━━━ PROVIDED ENTRIES

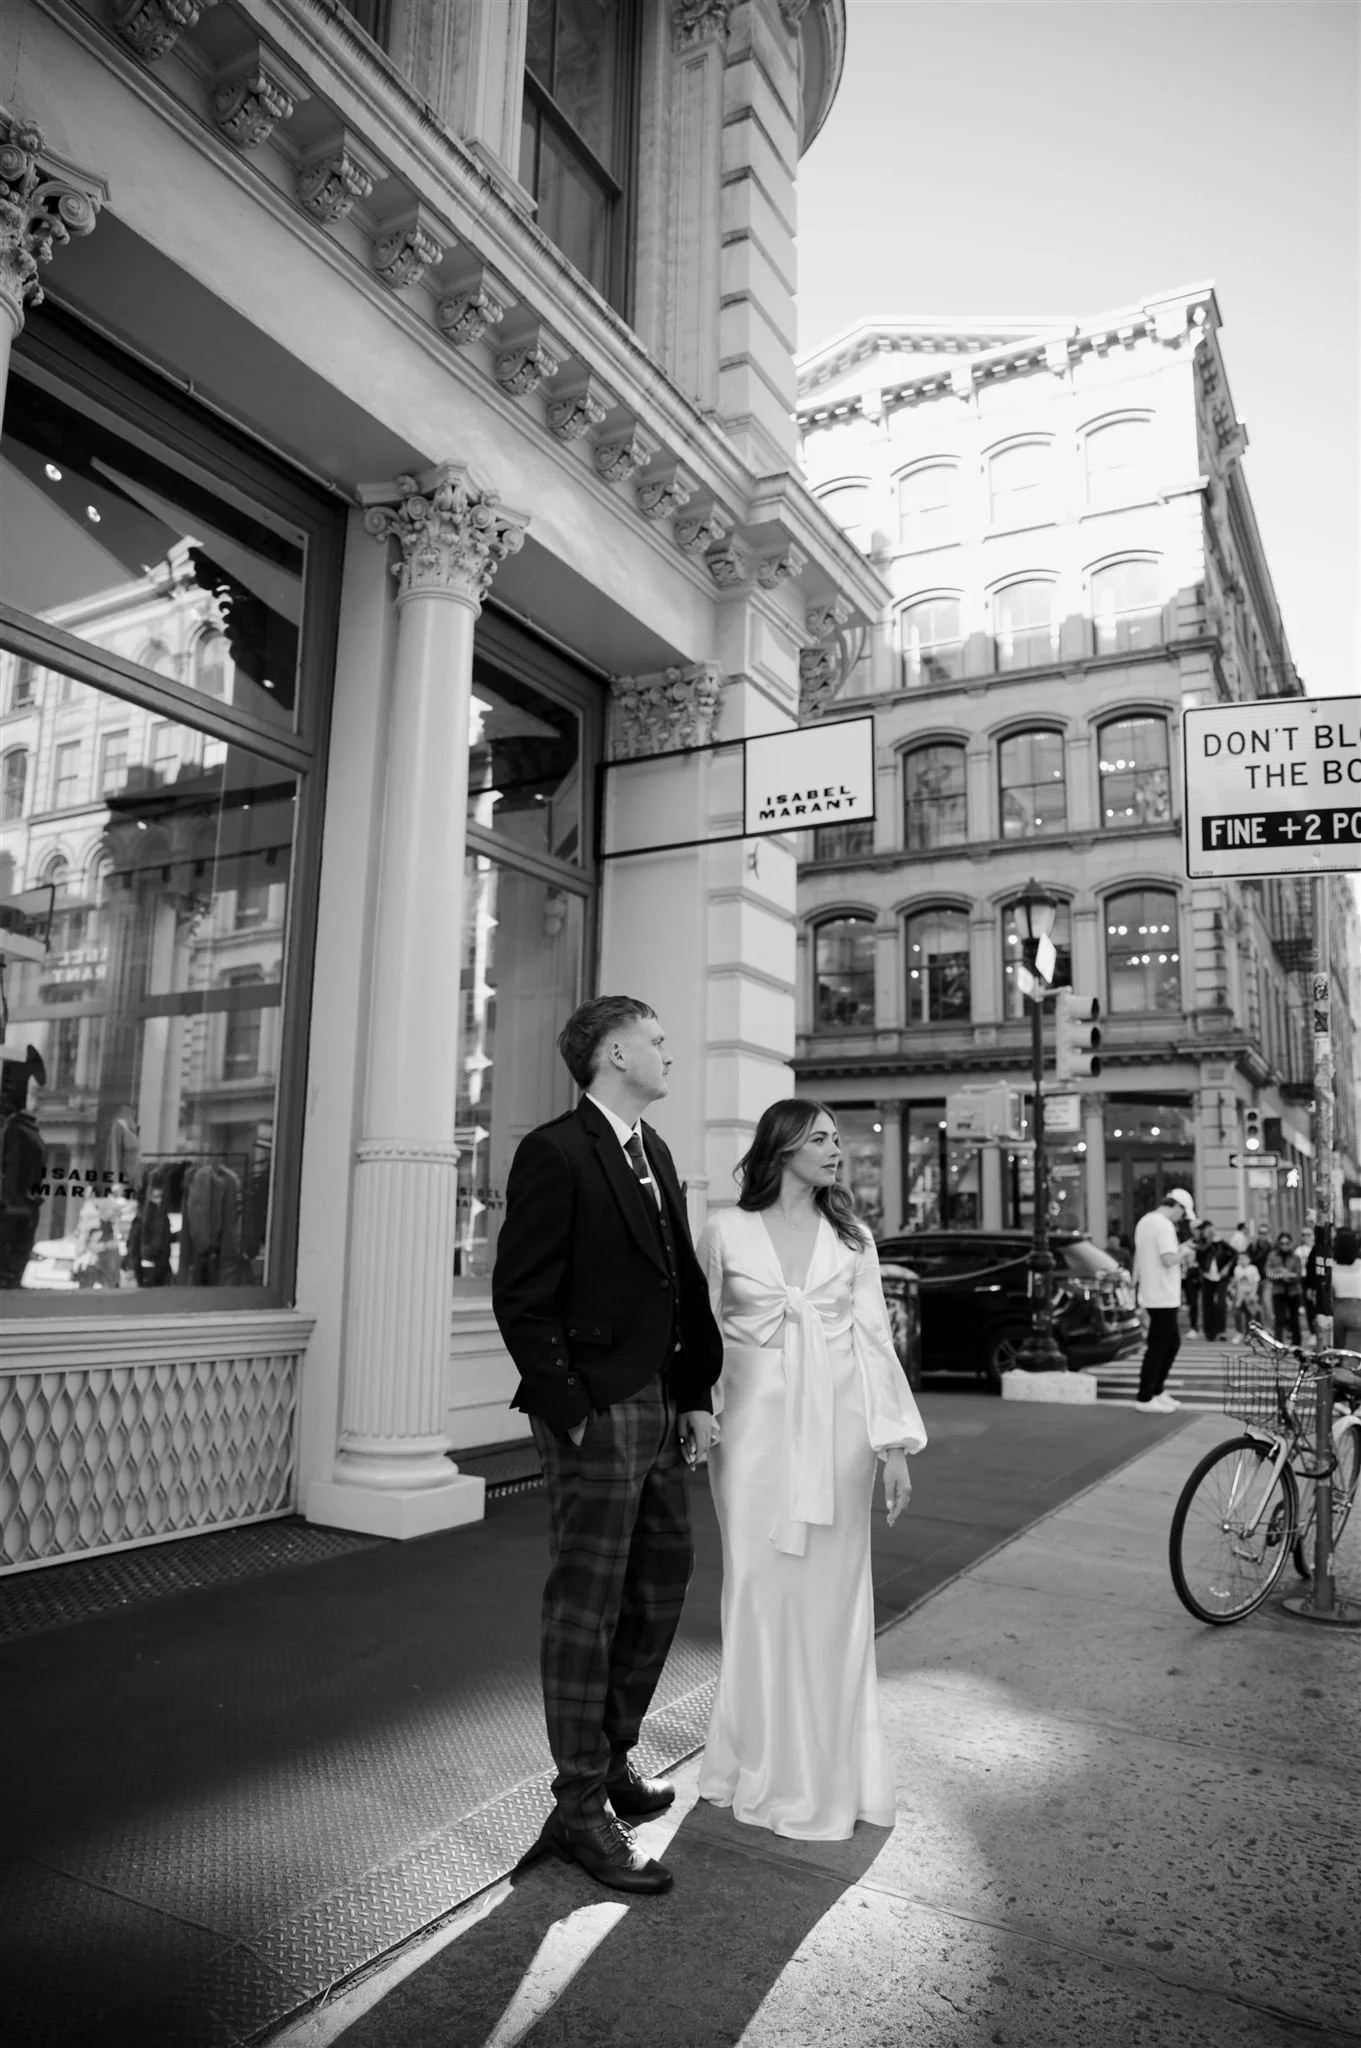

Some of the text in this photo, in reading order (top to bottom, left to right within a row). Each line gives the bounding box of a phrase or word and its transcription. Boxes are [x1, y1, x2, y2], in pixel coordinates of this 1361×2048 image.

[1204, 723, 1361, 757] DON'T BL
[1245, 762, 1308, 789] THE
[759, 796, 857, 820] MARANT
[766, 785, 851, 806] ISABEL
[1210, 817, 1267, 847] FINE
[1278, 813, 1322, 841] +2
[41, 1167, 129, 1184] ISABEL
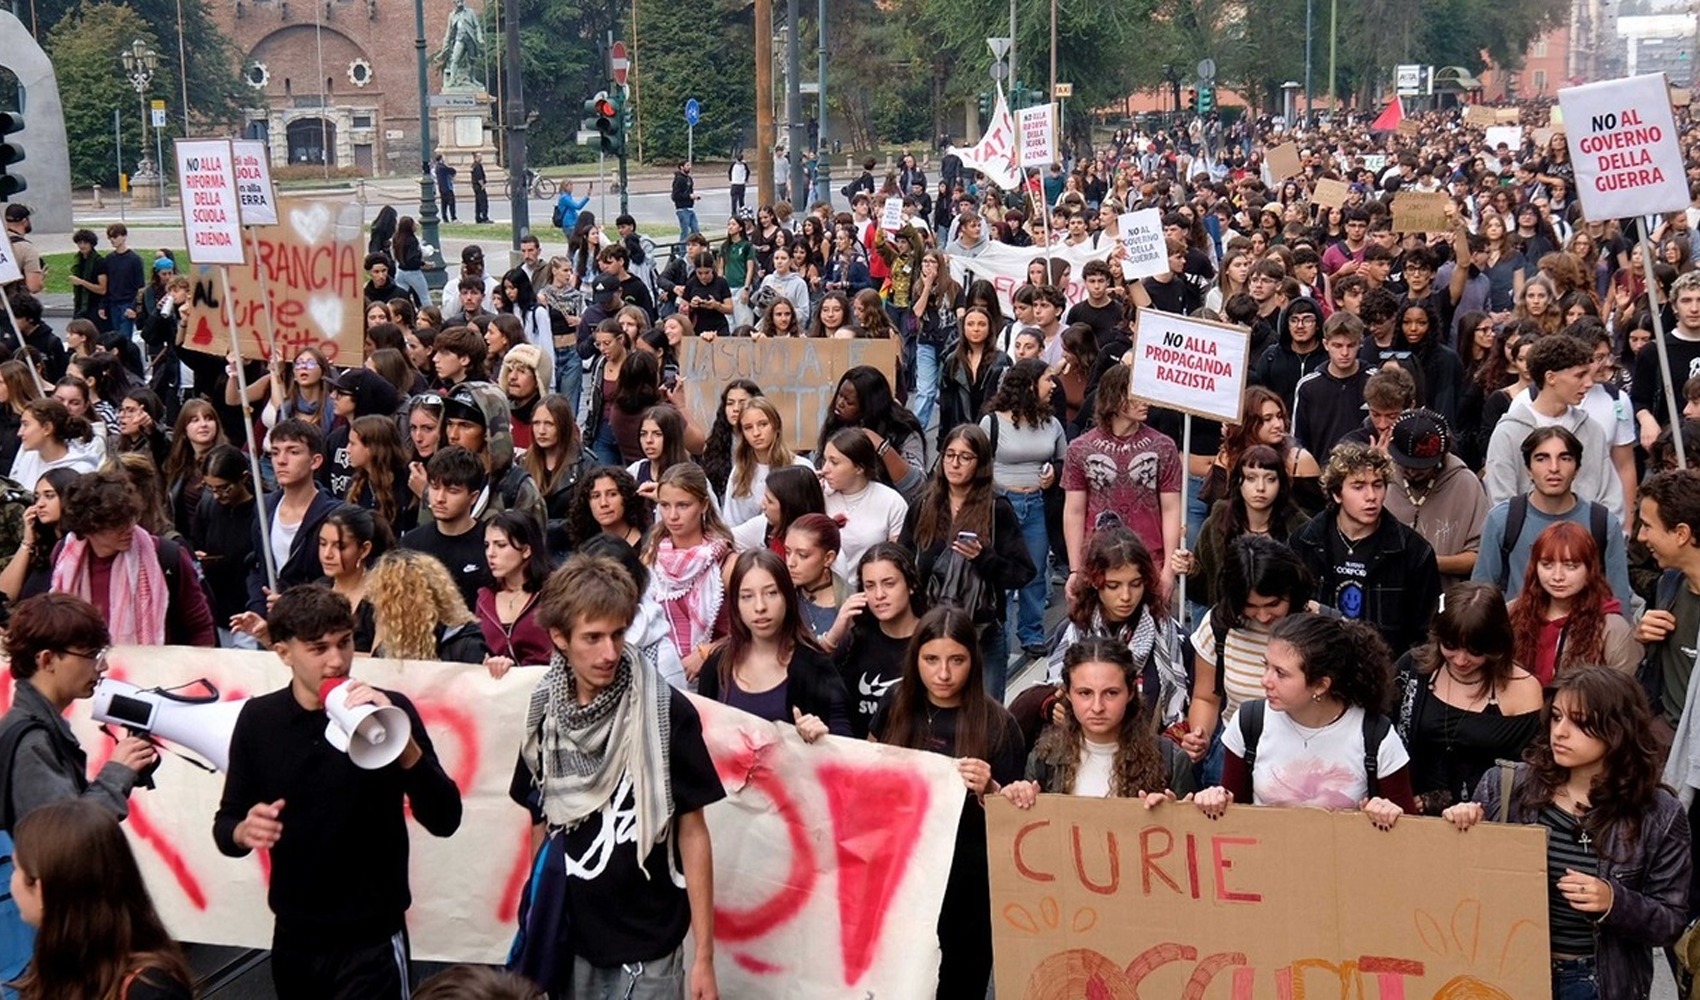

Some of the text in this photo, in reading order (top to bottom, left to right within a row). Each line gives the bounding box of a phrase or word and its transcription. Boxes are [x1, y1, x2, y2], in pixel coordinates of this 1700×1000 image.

━━━━━━

• ABOUT THIS TASK
Print the data word for word and omit the pictures.

• ANSWER AREA
Some of the text in this photo, in reading order (top to bottom, left to right within a row). Each line gives the bounding box of a phrase or word and its transcription. Boxes are [x1, y1, x2, y2], in pixel coordinates of this 1361×2048 image.

[1204, 723, 1361, 757] DON'T BL
[1245, 762, 1308, 789] THE
[759, 796, 857, 820] MARANT
[766, 785, 851, 806] ISABEL
[1210, 817, 1267, 847] FINE
[1278, 813, 1322, 841] +2
[41, 1167, 129, 1184] ISABEL

Some of the text in this photo, in reading order (top to bottom, left to right within a row). Each line gives the bounding box of a phrase or word and its transcription. Boxes are [x1, y1, x2, y2], in pixel coordinates of this 1700×1000 image.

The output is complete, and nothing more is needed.